Crew members recorded how desperate people were for a new road, and how it was finally built by the local government. The local government also built new apartments in a settlement at the foot of the mountain, asking locals to move there for a more convenient life. Some moved and some stayed in their old place, but their lives became different when the new road was completed in 2021.

"Now, it only takes about 30 minutes to reach the village from the foot of the mountain by car," says Chai.

Local products can be sold in other places, and tourism is being developed in the area, with communal facilities to be built in the future.

Robert Walker, a professor at the School of Sociology, Beijing Normal University, who is also a fellow of the British Academy of Social Sciences and the Royal Society of Arts, says: "The images are so real and full of colors and emotions. They are so beautiful showing people in the landscape. You can see emotions, like fear, anxiety, compassion, hope and happiness, from the film."

Walker highlights crew members' efforts to show children of the village. "What I like most about the film is the central place of children. The children are not regimented in school but outside playing with each other, adding a spirit to the community," says Walker.

Chai says before attending primary school, children in Shawa had no chance of leaving the village to go to town. "Since the mountain road was too difficult to trek on, children had to be carried by their parents downhill.
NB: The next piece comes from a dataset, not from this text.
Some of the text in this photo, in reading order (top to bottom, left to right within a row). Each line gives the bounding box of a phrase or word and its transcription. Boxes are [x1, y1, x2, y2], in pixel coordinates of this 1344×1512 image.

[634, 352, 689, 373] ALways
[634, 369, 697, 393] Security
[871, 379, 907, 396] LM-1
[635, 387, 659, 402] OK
It took an adult five to six hours to make a round trip, and with a child on their back the time often doubled. As a result, children seldom had a chance to go outside until they could go on their own," says Chai.

Since there was no kindergarten in the village, children played every day when they were young, and sometimes were taught to read poems by Zhu Yun, a soldier from the prefecture who helped with poverty alleviation in Shawa, the documentary shows.